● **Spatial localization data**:
*** Begin section ***

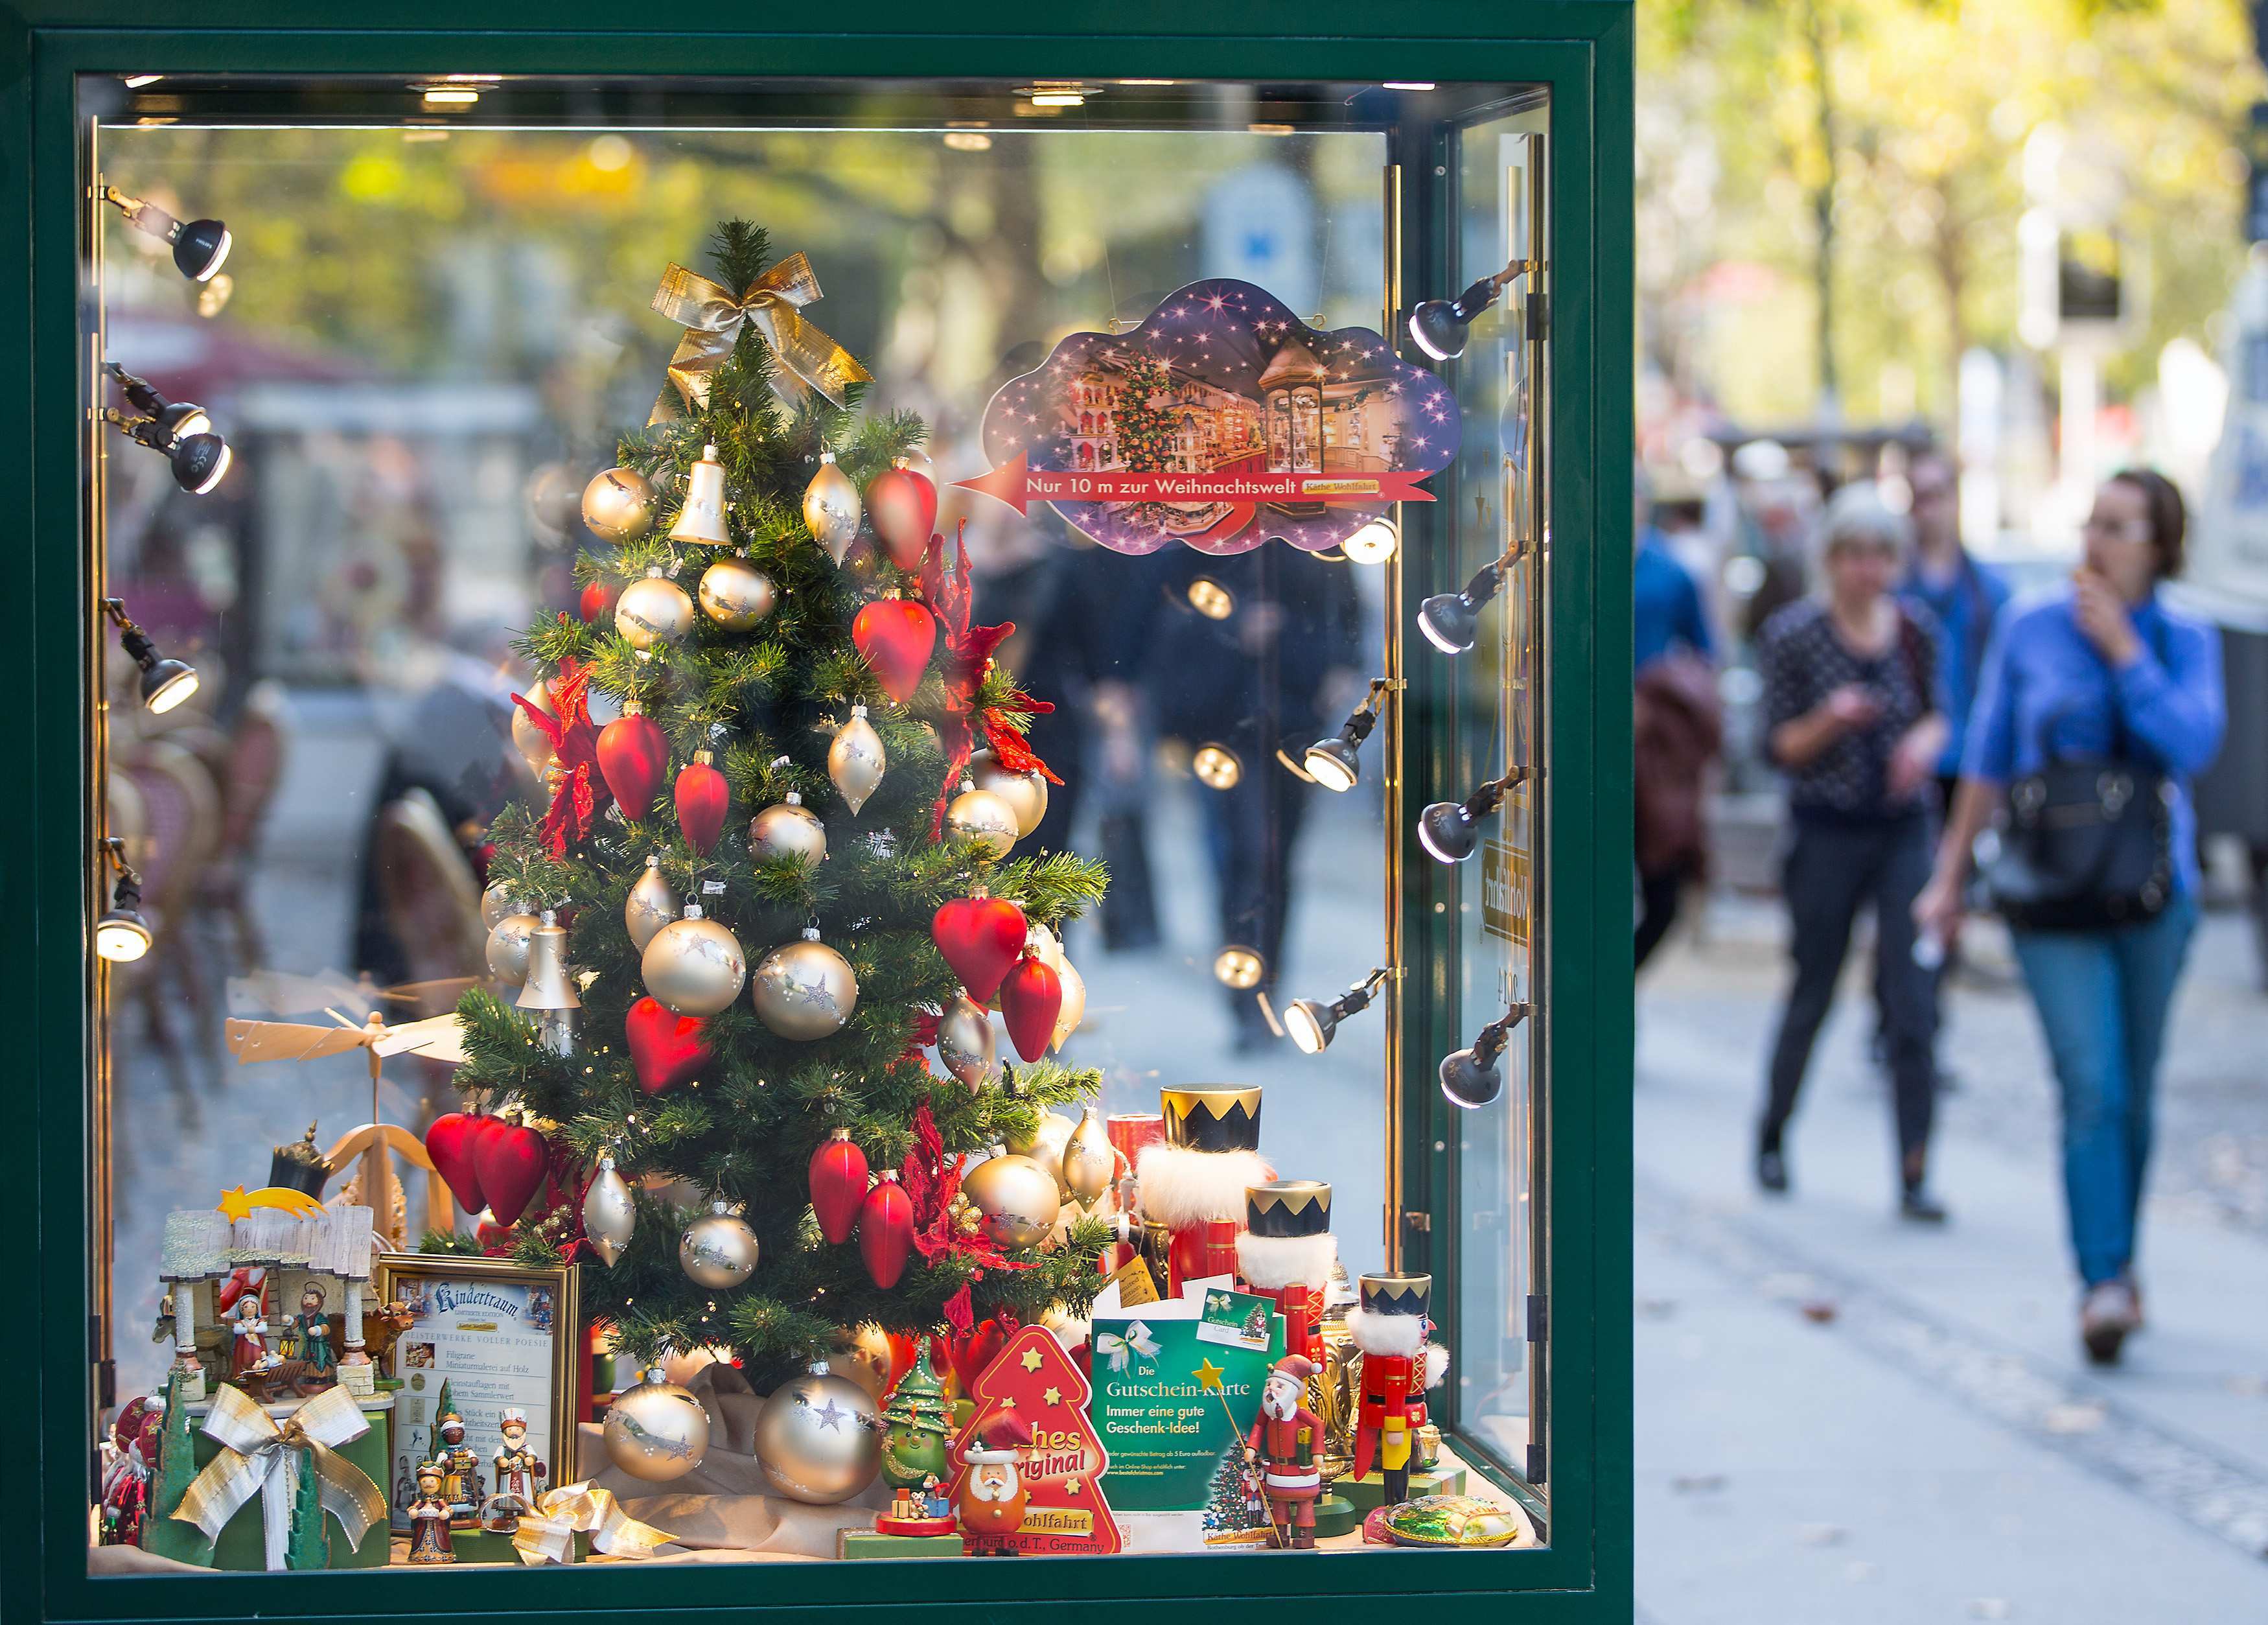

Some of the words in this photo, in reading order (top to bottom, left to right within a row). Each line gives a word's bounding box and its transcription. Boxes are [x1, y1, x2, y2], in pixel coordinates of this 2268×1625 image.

[1026, 478, 1062, 493] Nur
[1070, 478, 1092, 493] 10
[1098, 482, 1113, 493] m
[1120, 482, 1149, 494] zur
[1154, 477, 1297, 495] Weihnachtswelt
[1306, 482, 1331, 491] Käthe
[1334, 482, 1377, 491] Wohlfahrt
[435, 1281, 519, 1317] Kindertraum
[1207, 1316, 1238, 1328] Gutschein
[1214, 1325, 1230, 1333] Card
[404, 1331, 472, 1342] MEISTERWERKE
[477, 1335, 511, 1345] VOLLER
[516, 1338, 548, 1348] POESIE
[446, 1350, 476, 1361] Filigrane
[446, 1361, 498, 1372] Miniaturmalerei
[500, 1364, 511, 1372] auf
[513, 1365, 529, 1374] Holz
[1139, 1366, 1155, 1375] Die
[465, 1409, 483, 1418] Stück
[1106, 1405, 1145, 1417] Immer
[1148, 1405, 1174, 1417] eine
[1177, 1405, 1205, 1420] gute
[1106, 1420, 1199, 1434] Geschenk-Idee!
[1015, 1449, 1085, 1480] riginal
[1023, 1513, 1088, 1530] ohlfahrt
[1049, 1538, 1105, 1554] Germany
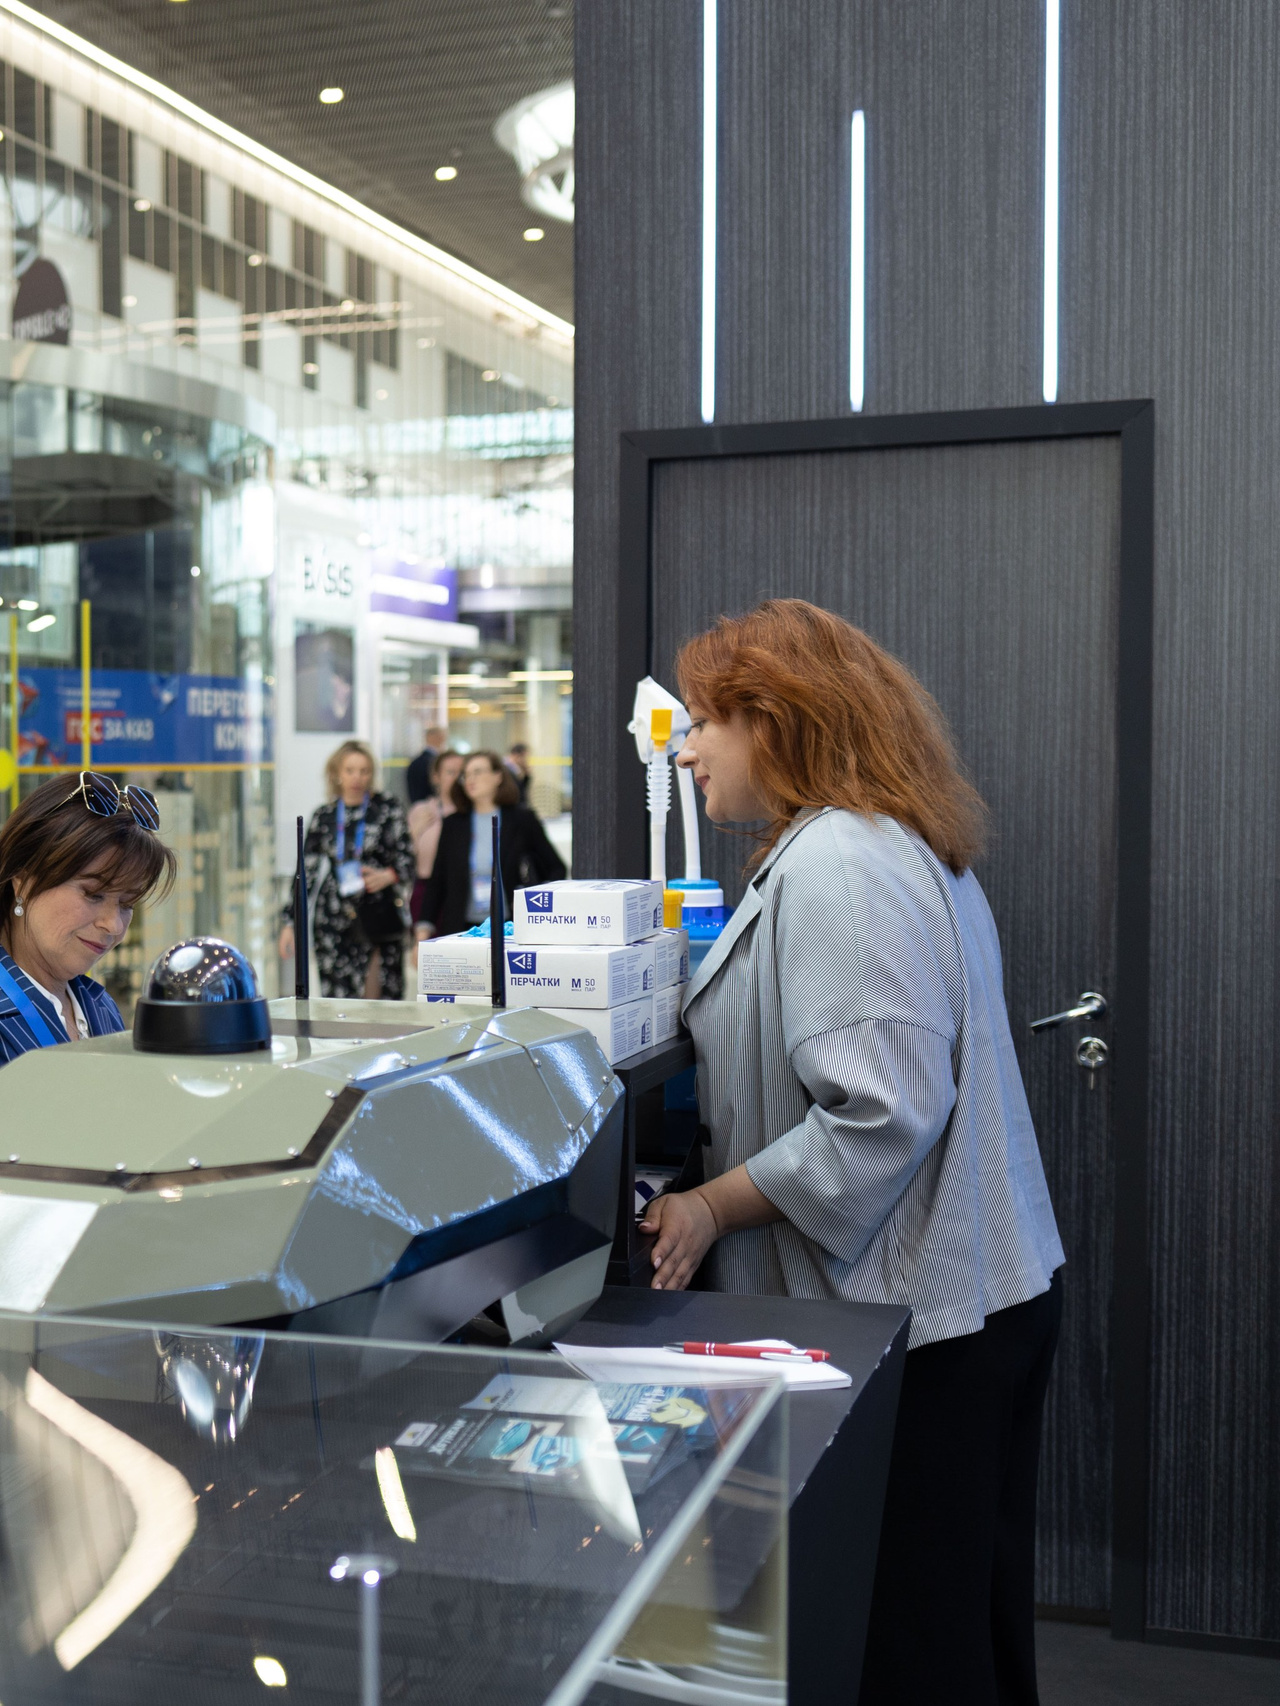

*** End section ***

● **WHAT YOU ARE ASKED TO DO**:
For every entry, return its exact wording and leave out any image.

● **RESPONSE TO THIS TASK**:
Some of the words in this photo, in reading order (top to bottom, left to right within a row). Each line gives a word's bounding box and its transcription. Boxes are [x1, y1, x2, y2], in pixel coordinates of this 2268×1625 image.

[1026, 478, 1062, 493] Nur
[1070, 478, 1092, 493] 10
[1098, 482, 1113, 493] m
[1120, 482, 1149, 494] zur
[1154, 477, 1297, 495] Weihnachtswelt
[1306, 482, 1331, 491] Käthe
[1334, 482, 1377, 491] Wohlfahrt
[435, 1281, 519, 1317] Kindertraum
[1207, 1316, 1238, 1328] Gutschein
[1214, 1325, 1230, 1333] Card
[404, 1331, 472, 1342] MEISTERWERKE
[477, 1335, 511, 1345] VOLLER
[516, 1338, 548, 1348] POESIE
[446, 1350, 476, 1361] Filigrane
[446, 1361, 498, 1372] Miniaturmalerei
[500, 1364, 511, 1372] auf
[513, 1365, 529, 1374] Holz
[1139, 1366, 1155, 1375] Die
[465, 1409, 483, 1418] Stück
[1106, 1405, 1145, 1417] Immer
[1148, 1405, 1174, 1417] eine
[1177, 1405, 1205, 1420] gute
[1106, 1420, 1199, 1434] Geschenk-Idee!
[1015, 1449, 1085, 1480] riginal
[1023, 1513, 1088, 1530] ohlfahrt
[1049, 1538, 1105, 1554] Germany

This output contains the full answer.